Chalabi’s prose is effortless — one of those books I forget I was actually reading, so immersed in the characters, storyline, and setting I became.  However, “storyline” really discounts the importance of what Chalabi has accomplished.  I wish every American would read Chalabi’s family history in order to get a sense of Iraq — as a homeland, a viable country, a nation filled with people who share the same universal longings and experiences — to help temper the post-Saddam Hussain Iraq that has clouded this generation’s understanding of this beleagured country.
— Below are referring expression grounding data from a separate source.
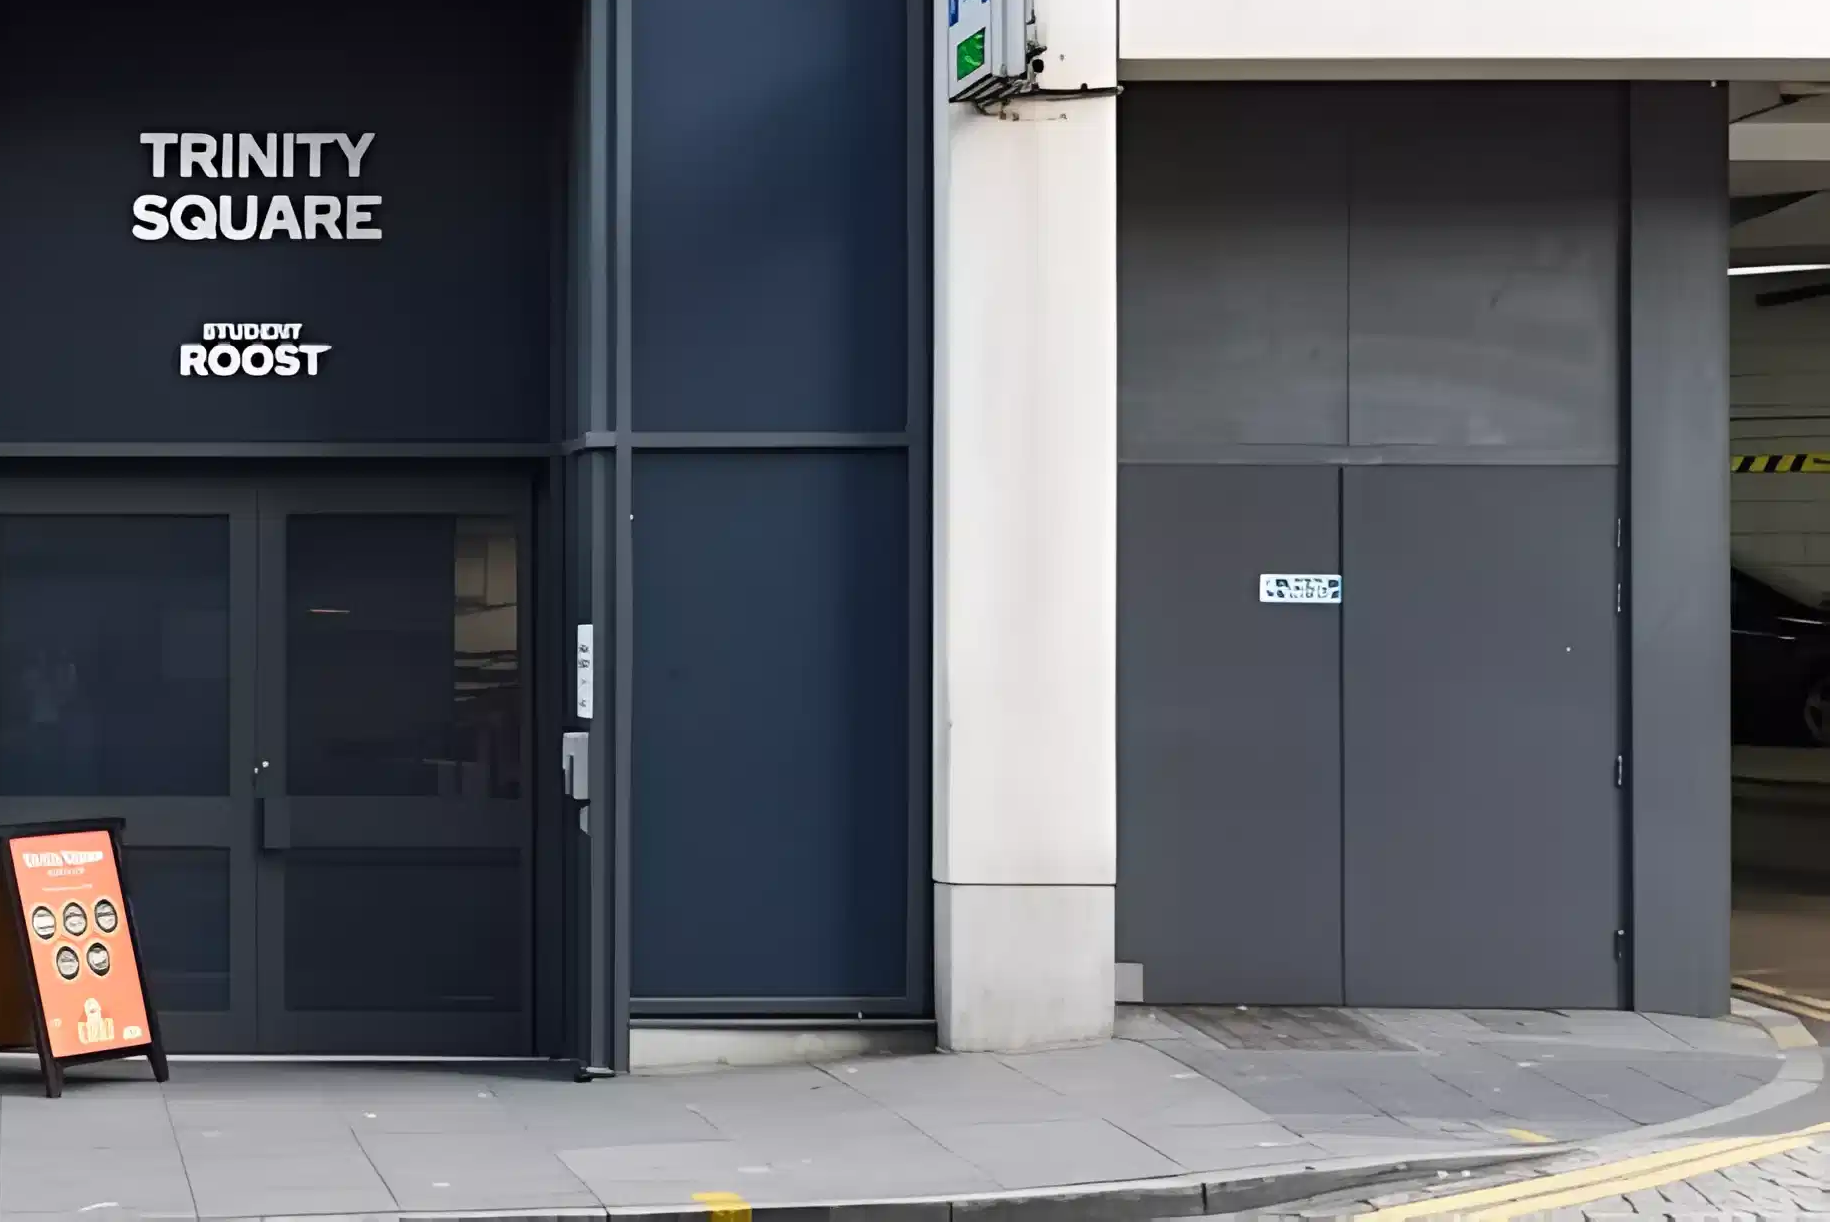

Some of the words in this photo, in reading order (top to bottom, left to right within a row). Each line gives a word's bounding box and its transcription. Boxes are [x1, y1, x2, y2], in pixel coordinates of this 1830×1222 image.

[139, 132, 376, 179] TRINITY
[131, 194, 383, 241] SQUARE
[203, 322, 303, 341] STUDENT
[179, 343, 333, 377] ROOST
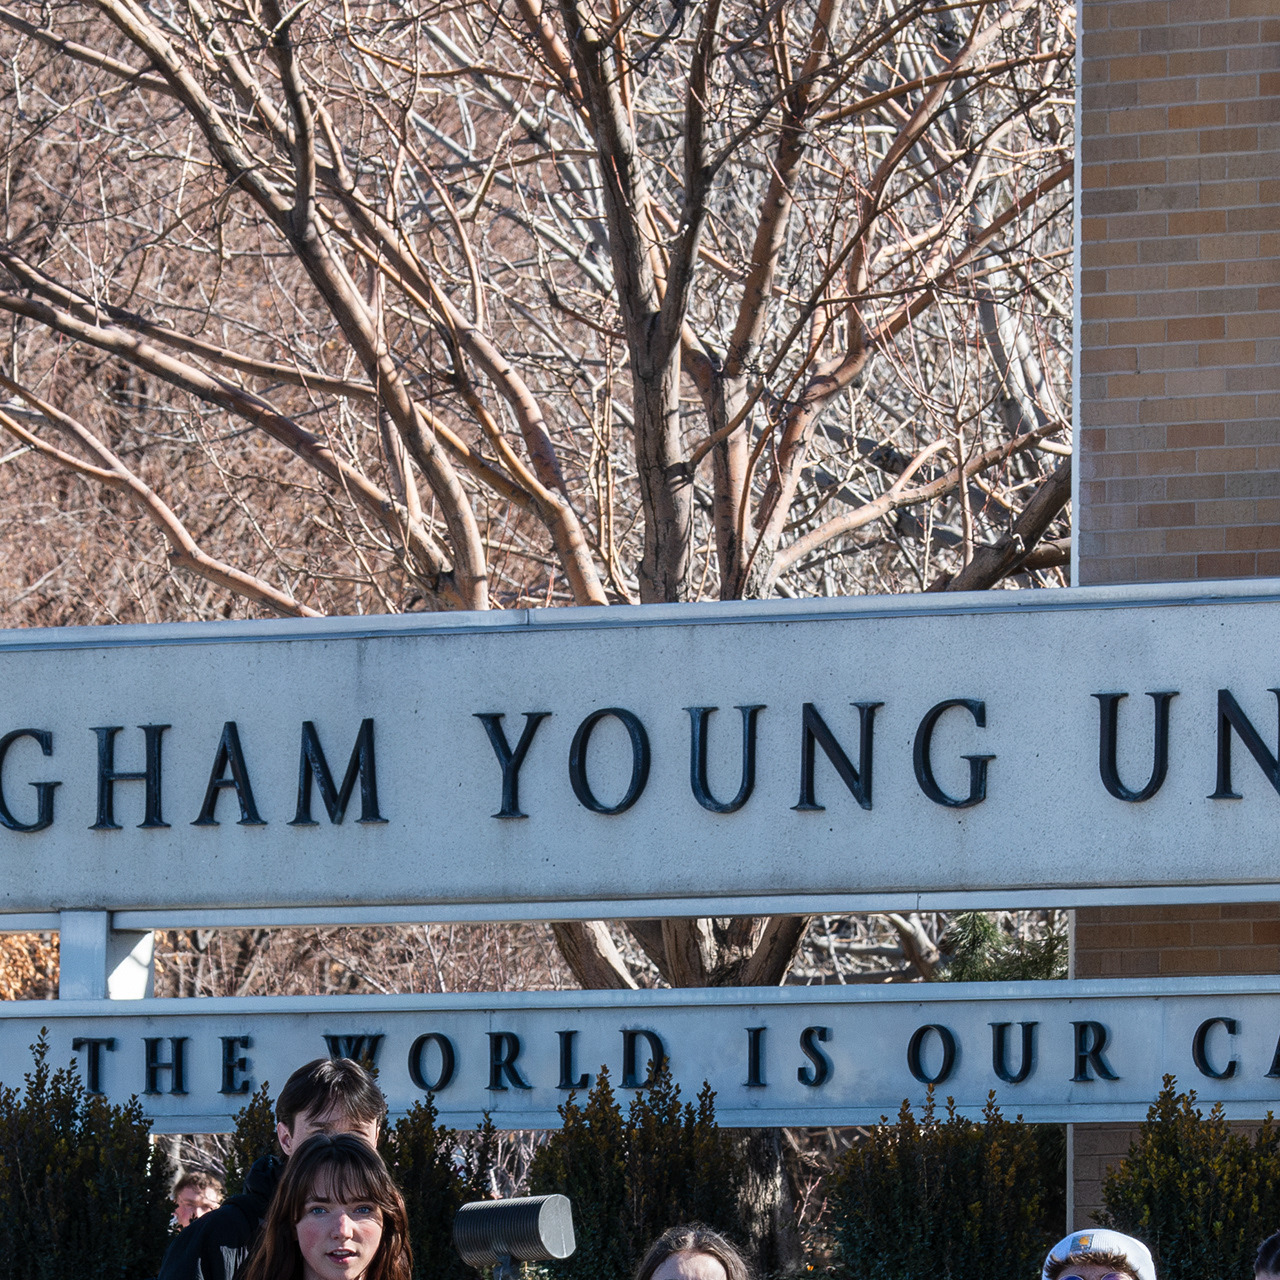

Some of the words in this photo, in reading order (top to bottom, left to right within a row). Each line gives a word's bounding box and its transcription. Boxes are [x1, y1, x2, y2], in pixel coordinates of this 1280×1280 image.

[472, 697, 997, 820] YOUNG
[71, 1034, 253, 1096] THE
[743, 1025, 832, 1087] IS
[907, 1020, 1120, 1085] OUR
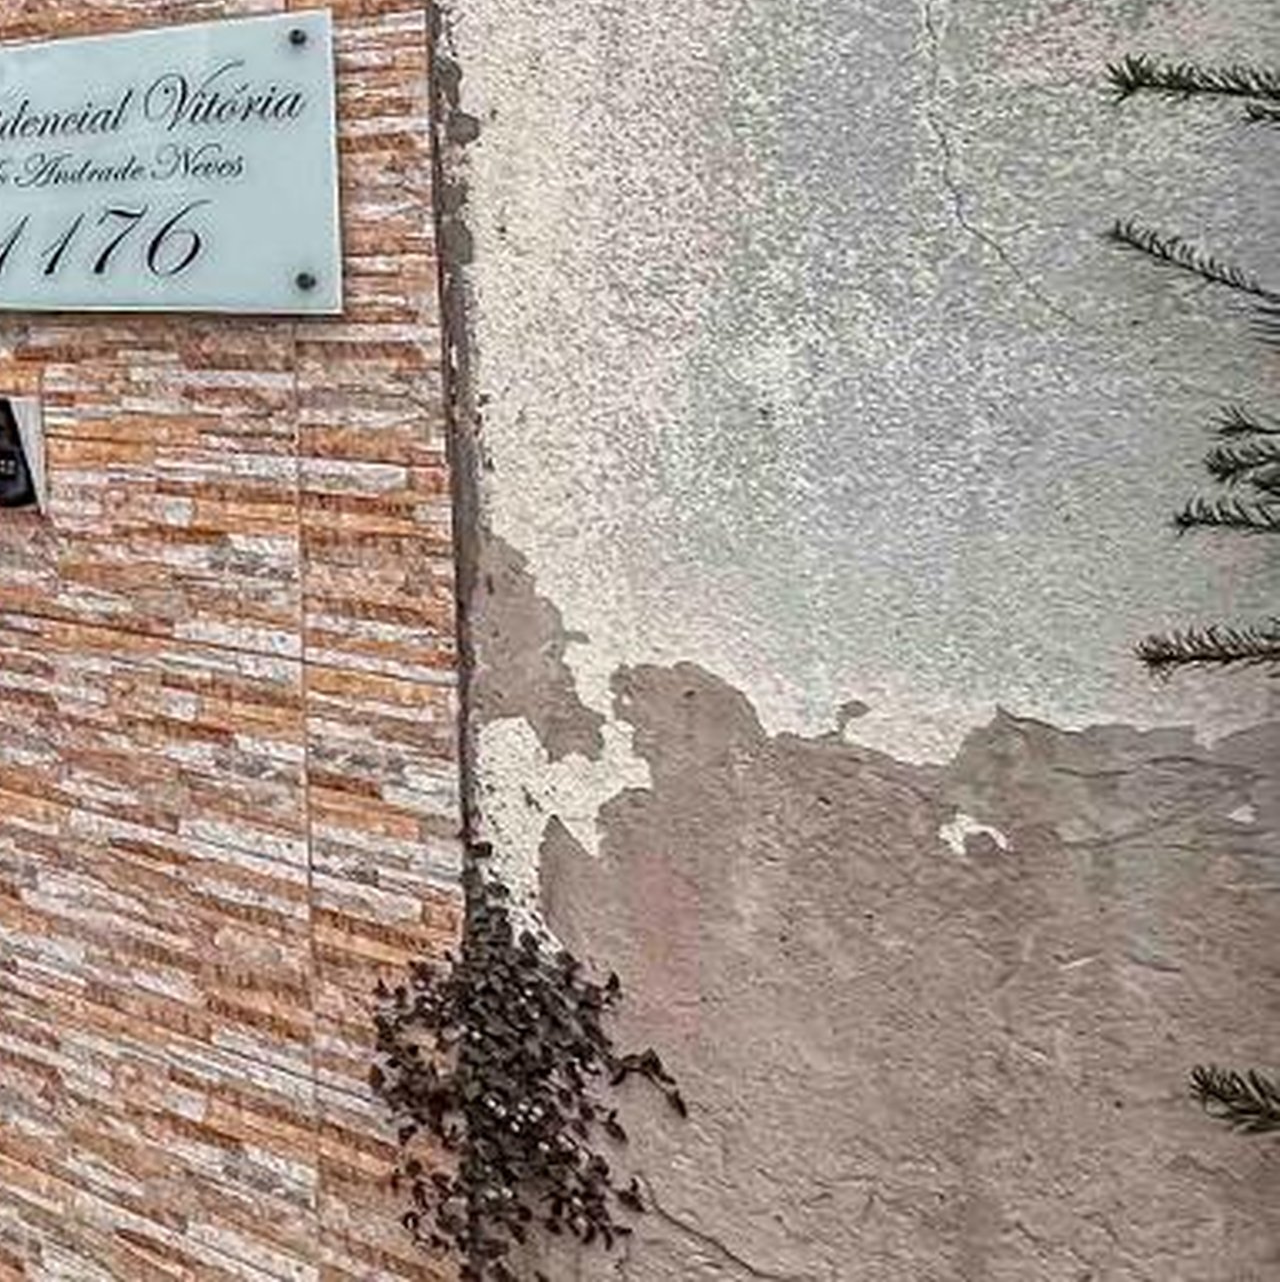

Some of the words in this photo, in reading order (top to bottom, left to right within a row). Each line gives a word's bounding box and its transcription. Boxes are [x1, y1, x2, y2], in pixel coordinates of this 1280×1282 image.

[144, 61, 306, 131] Vitória
[13, 152, 143, 188] Andrade
[151, 143, 244, 180] Neves
However, Deer Palace is not a political book in the sense of “red state / blue state.”  Chalabi first visited Iraq in 2003, ten days after the fall of Baghdad to US-led coalition forces.  In the prologue she states

Everybody asks me about my father. He has been labelled a maverick, a charlatan, a genius. He has been named as the source of supposedly faulty intelligence that led America into the war in Iraq…  But this is my story…  One of Iraq’s burdens has always been the way it is presented to the outside world as patchy, Manichaean, extreme. It is a nation that is portrayed either through its politics, most notoriously through Saddam and his regime, or through its ancient and glorious history, but never through its people… My family’s stories of Iraq are more personal and intimate than a disspassionate and neatly constructed history. they show the country throught the lives of people who have loved it.

Chalabi starts her family’s history with her great-grandfather in 1913 — during a pastoral time of prosperity and service — and continues to the present. Chalabi herself was born in 1973 “in exile” in Lebanon to an Iraqi father and Lebanese mother, raised in Jordan, educated in England and the U.S.   She focuses primarily on her grandmother Bibi and grandfather Hadi; Chalabi’s ability to bring to life her ancestors allows the “history of Iraq” to be seen through humanistic eyes — a rich understanding of this country so misunderstood by the West is a gift to everyone who reads it.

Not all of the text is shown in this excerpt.